I personally dislike bullies, whether street thugs or the intellectually
effete. Please modulate your tone and comments accordingly.

Thank you.


> -------- Original Message --------
> Subject: RE: [oasis-charter-discuss] EKMI
> From: "Hallam-Baker, Phillip" <pbaker@verisign.com>
> Date: Sat, November 18, 2006 8:03 pm
> To: "Arshad Noor" <arshad.noor@strongauth.com>
> Cc: <oasis-charter-discuss@lists.oasis-open.org>,
> <ietf-keyprov@safehaus.org>, "June Leung" <June.Leung@FundServ.com>,
> "Terwilliger, Ann" <aterwil@visa.com>, "John Messing"

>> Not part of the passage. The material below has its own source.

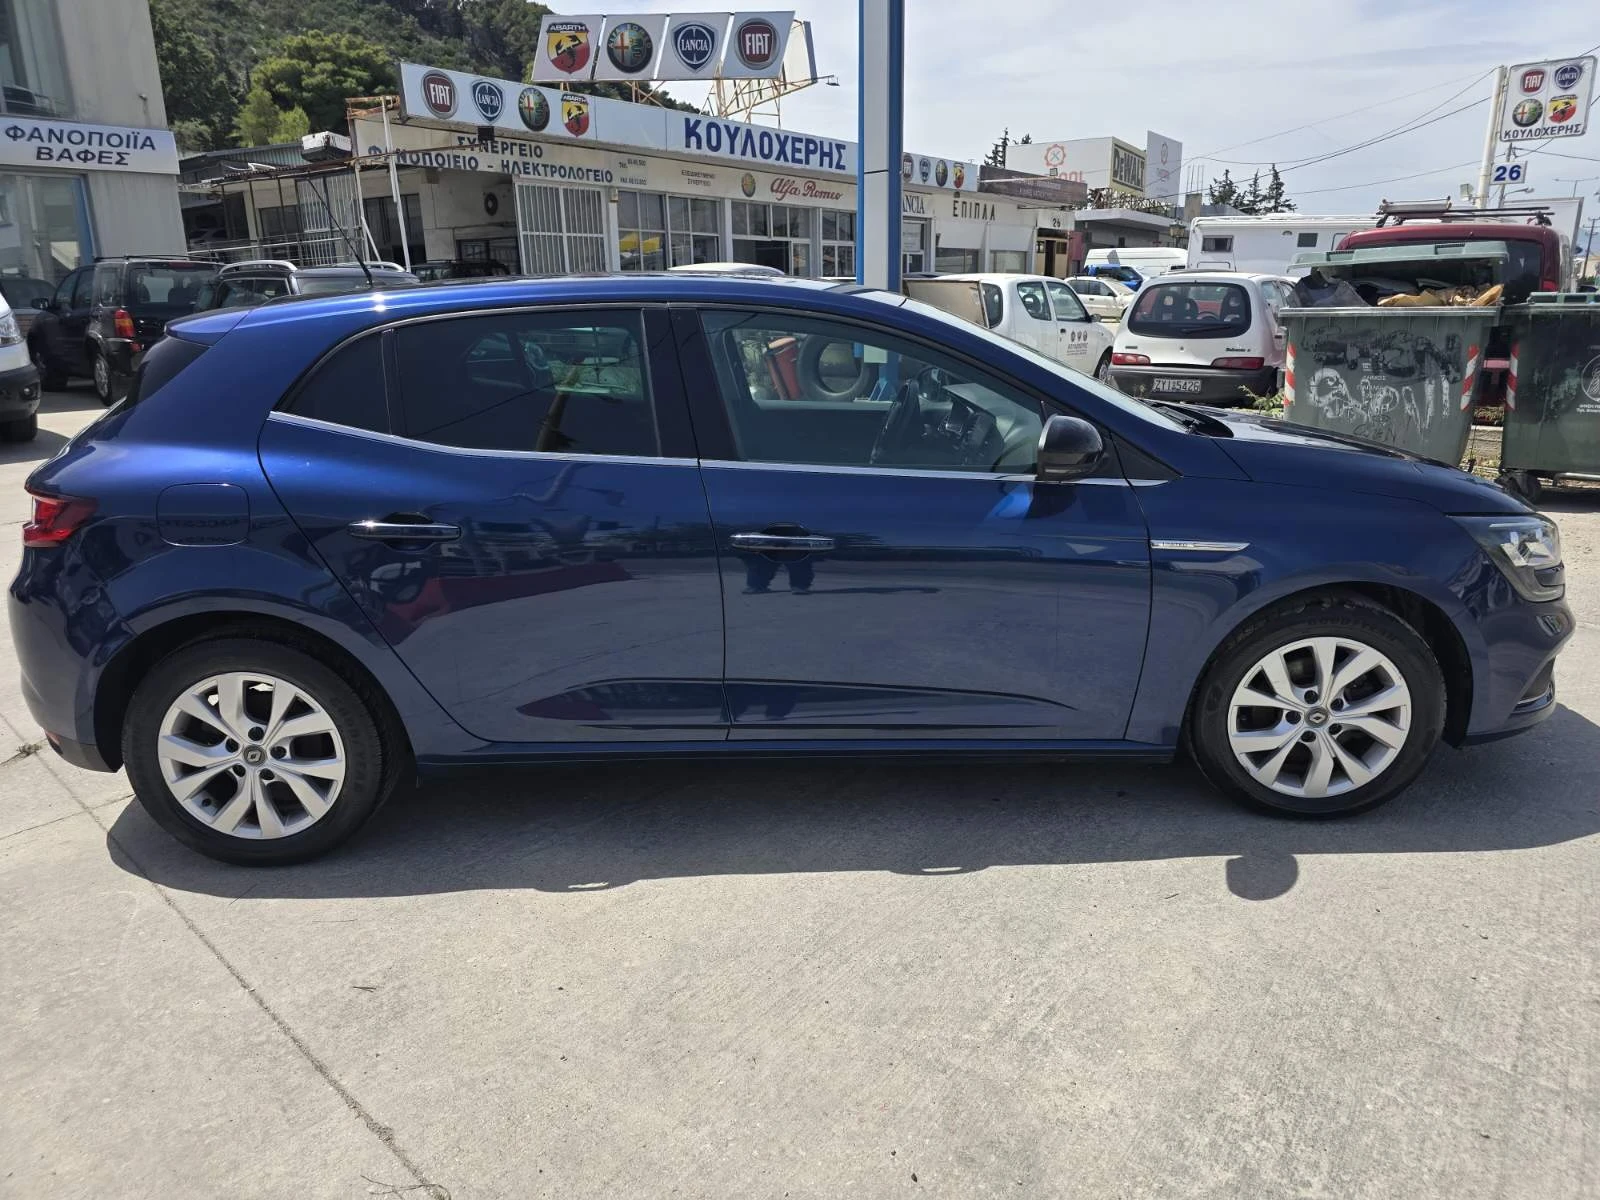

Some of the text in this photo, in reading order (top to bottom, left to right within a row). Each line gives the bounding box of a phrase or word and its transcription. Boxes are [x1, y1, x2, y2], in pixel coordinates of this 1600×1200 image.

> <jmessing@law-on-line.com>, "Davi Ottenheimer" <davi@poetry.org>,
> <ken@adler.net>
> 
> > From: Arshad Noor [mailto:arshad.noor@strongauth.com] 
> 
> > The confusion between the WG and TC charters arises because 
> > of the industry's (sometimes misguided) notion for referring 
> > to the "shared secrets" of authentication credentials as 
> > "symmetric keys" - which is similar to the term used by 
> > cryptographers when referring to encryption/decryption keys 
> > used with symmetric ciphers.
> 
> The use of the term symmetric key to refer to a MAC key is the accepted term in the field.
> 
> There are several proposed MAC modes for AES and there are several composite encryption/authentication modes for block ciphers.
> 
> 
> > In addition, the use of such algorithms (3DES, AES) and 
> > symmetric- encryption keys by the KEYPROV protocols to 
> > protect the "shared credential secret" during provisioning, 
> > adds to the confusion.
> > Some might be misled into thinking that 3DES/AES keys are 
> > being provisioned by the Provisioning System for general use 
> > by business applications, as opposed to the use of those 
> > symmetric encryption keys by the Provisioning System and the 
> > Credential Container for securely transporting the 
> > credential-secret between the two.
> 
> Such misperceptions are not a concern. It is not our job to give people tutorials in network protocol design.